Swap the tuxedo for dungarees, the sports car for a low-emission Mini and the martini for a pint of Stella, and you have the perfect Bond for the 21 st century

If, according to the actor Idris Elba, he is too old to be running around chasing women and therefore has written off his chances of being the next James Bond, I think its hour for a lesbian to take up the challenge.

Lesbians are never too old to be chasing girls. Some of us dont even come out until old age since we are railroaded into heterosexuality, and therefore have lots of catching up to do when we finally free ourselves from a mundane life cleaning boxer shorts.

Clearly, if an older lesbian,( I cant assistance but model her on my 54 -year-old self here ), were to take on the role of Bond there would have to be a number of dramatic switchings in the style and appearance that has become somewhat of a boring stereotype. Out with the tuxedos and in with loose-fitting, practical dungarees. They are, after all, back in fashion, and are perfect for storing all the necessary snoop equipment in the many pockets. Lezzer Bonds backpack would be full of leaflets with which to scatter-bomb straight bridals, warning of impending doom, and badges bearing slogans such as YBA Wife, and Any Woman Can Be a Lesbian.

The Bond car would be replaced with a low-emission Mini, because Lezzer Bond cares about the environment. Guns and other weaponry would be swapped for gluten-free tofu and vegan cheese, served alongside KD Lang tracks on a loop, with which to torture her captives until they cough up whatever intelligence she is after.

International jobs would include swooping into Russia , not because Lezzer is looking for nuclear weapons intended to use to achieve world predominance, but to warn Vladimir Putin against his grotesque policies on the lesbian and gay community and other such human rights abuses. Lezzer Bond would do similar in the 80-odd countries around the globe that criminalise same-sex relationships.

Sean
The iconic martini that the original Bond favors would have to be changed. I would suggest a pint of Stella with a sausage-roll chaser. Photograph: Allstar/ United Artists

As a ploy to keep girls from feeling they need men to do DIY, Lezzer Bond would cross rivers and drive vehicles up mountains to fix a shelf, open the gherkin jar or retune the TV remote control.
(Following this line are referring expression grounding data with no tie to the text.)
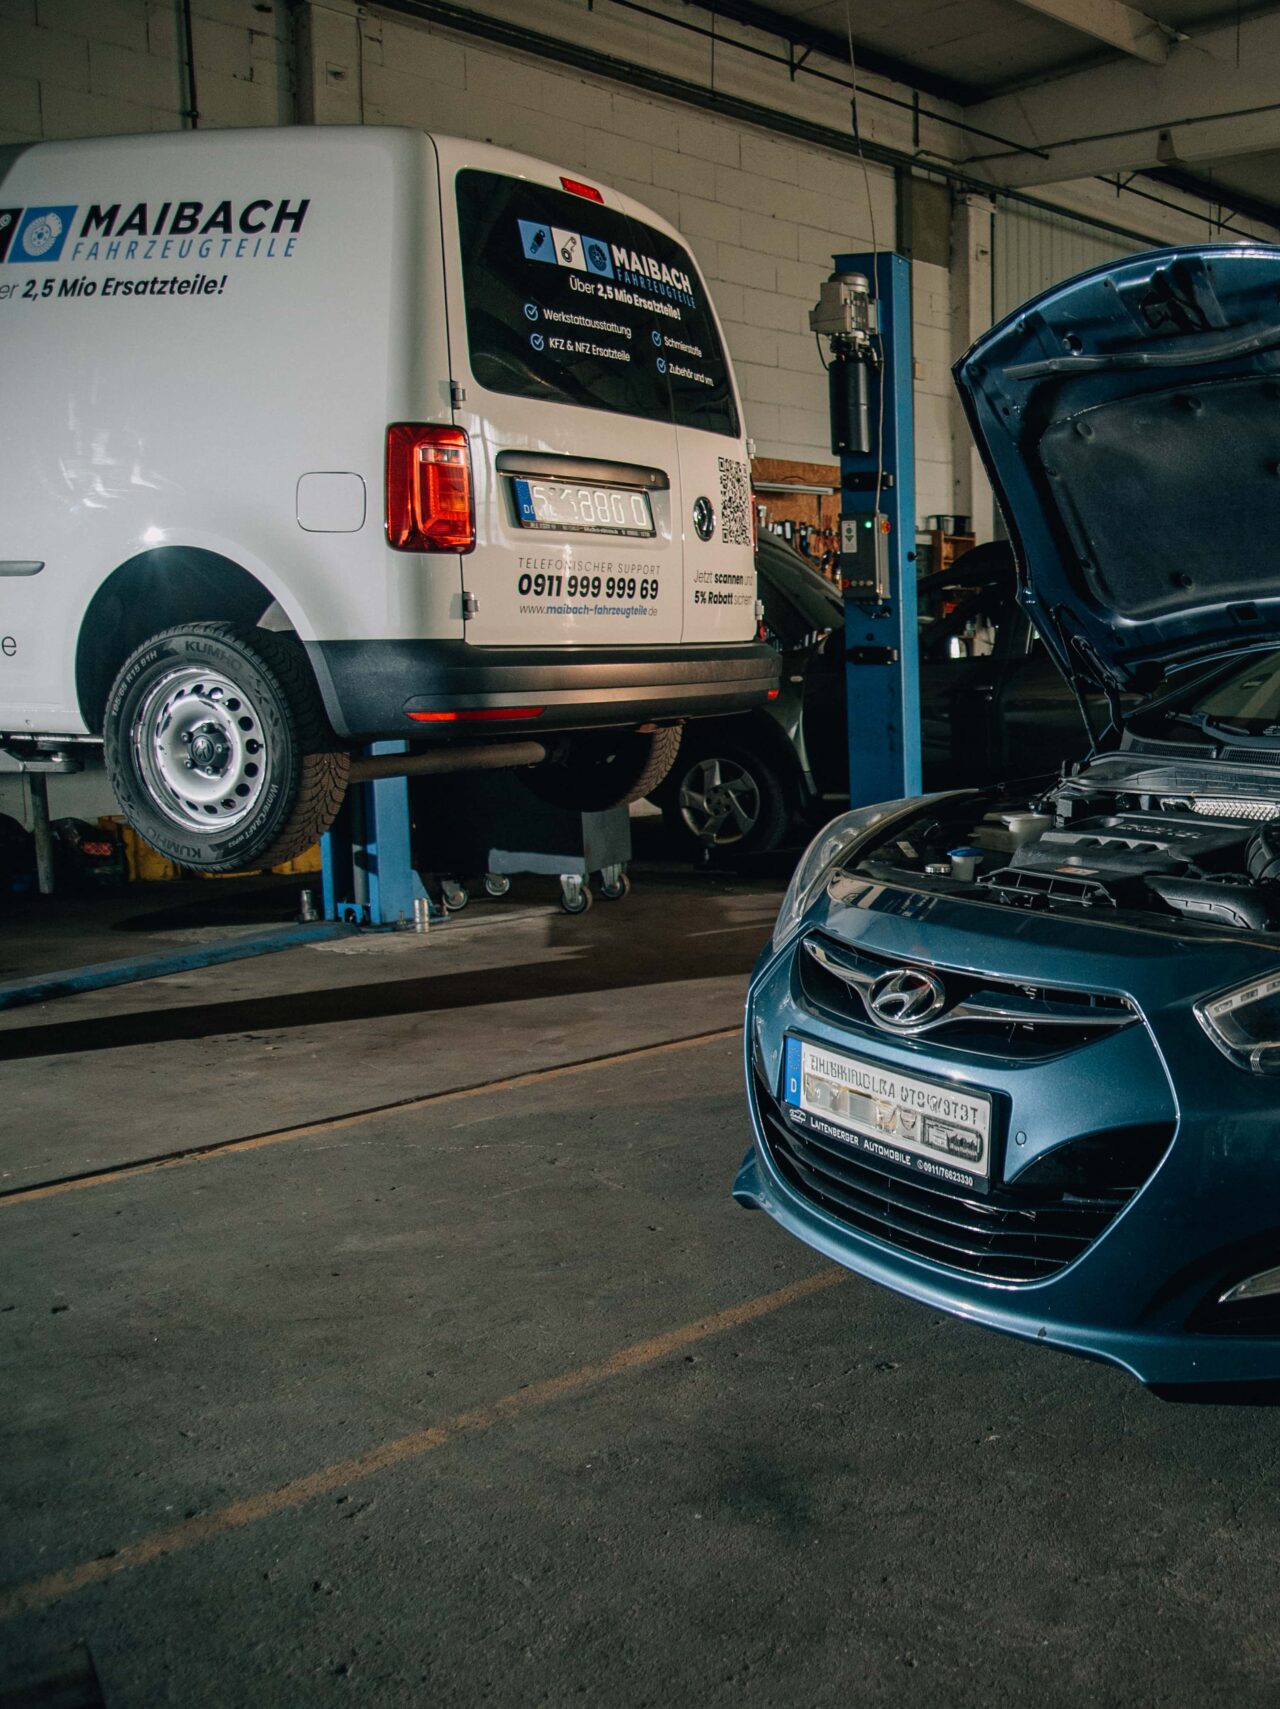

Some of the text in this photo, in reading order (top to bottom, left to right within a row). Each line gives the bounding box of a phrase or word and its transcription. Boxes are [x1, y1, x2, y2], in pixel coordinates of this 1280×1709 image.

[80, 199, 310, 238] MAIBACH
[72, 237, 297, 262] FAHRZEUGTEILE
[611, 244, 692, 295] MAIBACH
[22, 279, 56, 301] 2,5
[58, 277, 97, 297] Mio
[101, 274, 227, 296] Ersatzteile!
[569, 274, 681, 320] Über 2,5 Mio Ersatzteile!
[543, 308, 632, 339] Werkstattausstattung
[549, 338, 631, 362] KFZ & NFZ Ersatzteile
[518, 557, 661, 576] TELEFONISCHER SUPPORT
[714, 573, 744, 585] scannen
[518, 573, 659, 600] 0911 999 999 69
[694, 590, 707, 604] 5%
[707, 591, 733, 605] Rabatt
[185, 640, 242, 671] KUMHO
[145, 825, 202, 859] KUMHO
[790, 1077, 798, 1093] D
[863, 1139, 912, 1167] AUTOMOBILE
If Bond were a lesbian, females across the world would line up to be Moneypenny. I am thinking of the crime writer Val McDermid for this role, as she would be stern yet caring of Lezzer Bond, and would assure baddies coming even before Bond did. McDermid is a first-class flirt, as is Lezzer Bond, so much period would be taken up with them pestering one another about who is best at arm-wresting and who would win in a line-dancing competition.

The iconic martini that the original Bond favours would have to be changed. I would suggest a pint of Stella with a sausage roll chaser. After all, if Lezzer Bond is going to be hurling herself over counters at B& Q to stop heterosexual men taking the last drill bit so badly needed by a damsel in distress she needs to be well nourished.
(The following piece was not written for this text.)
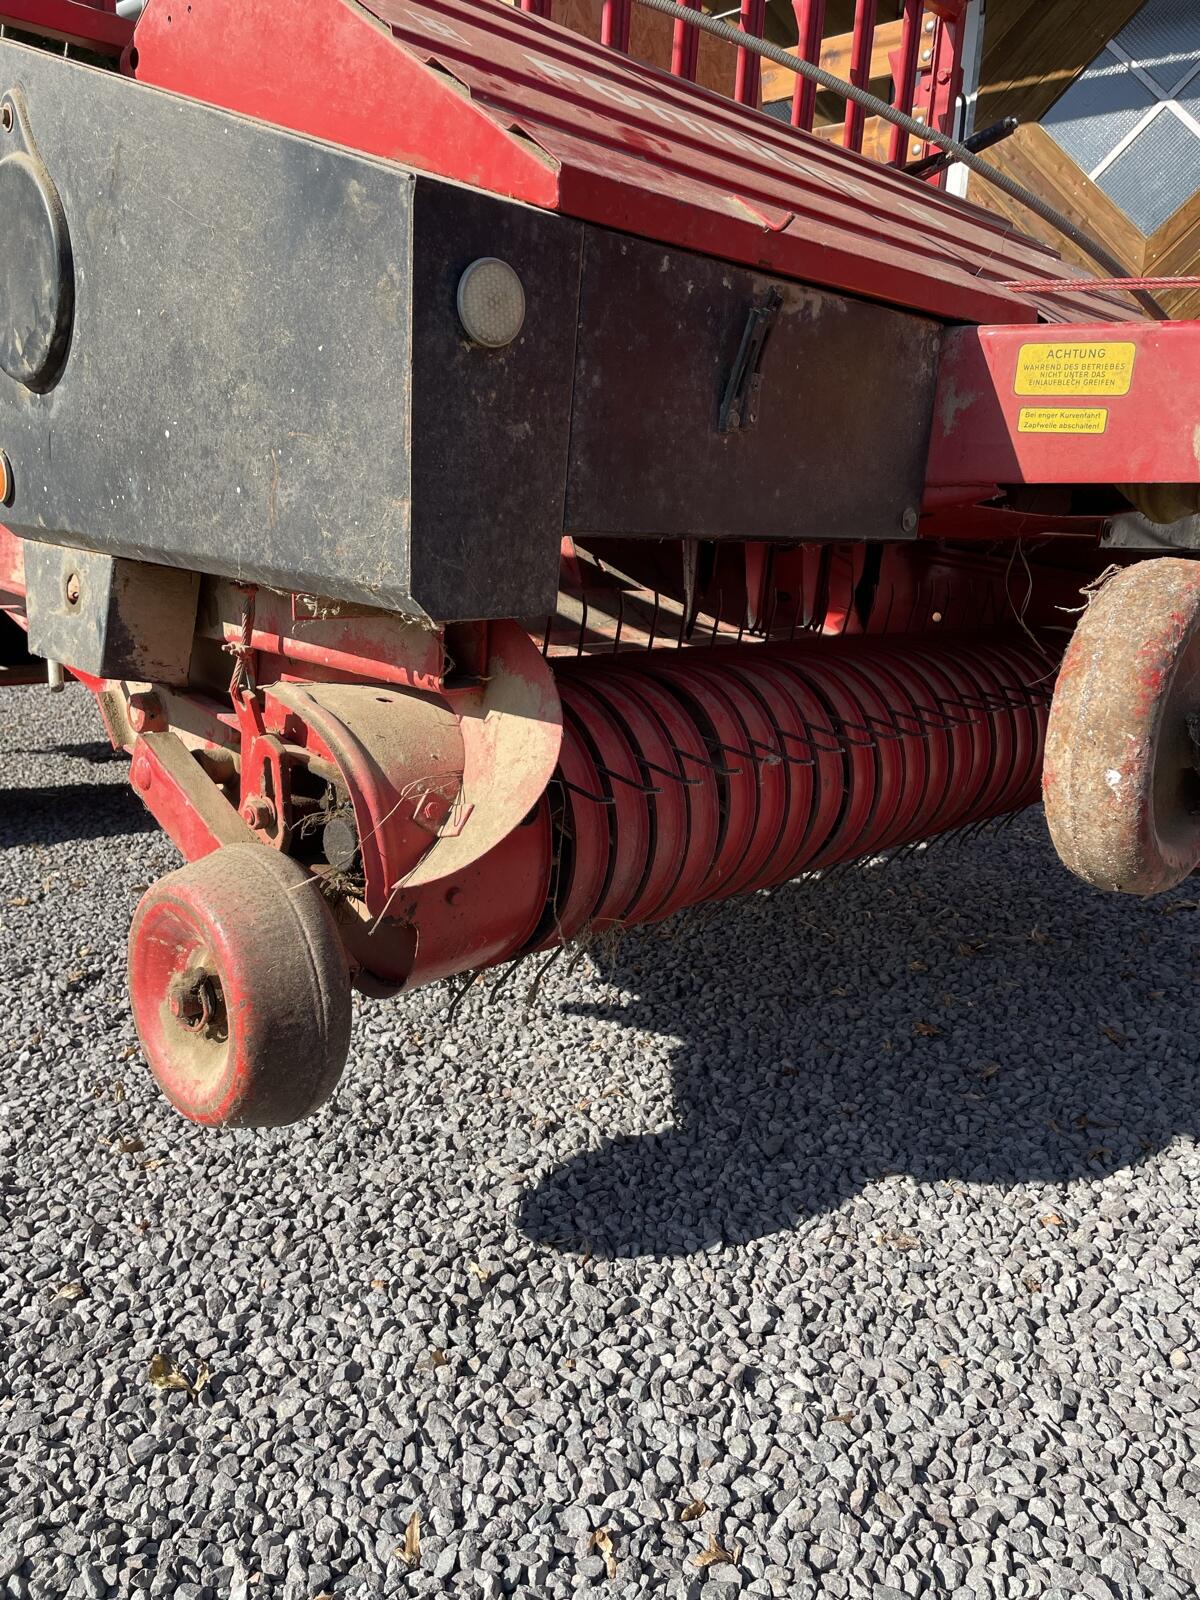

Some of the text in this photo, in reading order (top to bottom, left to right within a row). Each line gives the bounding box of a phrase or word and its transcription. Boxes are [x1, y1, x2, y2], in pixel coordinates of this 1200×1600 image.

The theme tune would need to change to something like the Power of Two by the Indigo Girls, and rather than play golf, Lezzer Bond would be a dab hand at playing pond with panache. She would make it her lifes mission to end male violence towards girls, including shutting down the entire sex trade by capturing pimps and traffickers, and would lock up religious radicals that practice forced marriage, gay conversion therapy, and attacks on abortion doctors.

Even in this day and age it is extremely brave to be an out lesbian, and if Lezzer Bond is in her 50 s and came out in her youth, she would have encountered menaces and bigotry on a massive scale. This, I would argue, dedicates her the very qualities necessary to be the best ever Bond.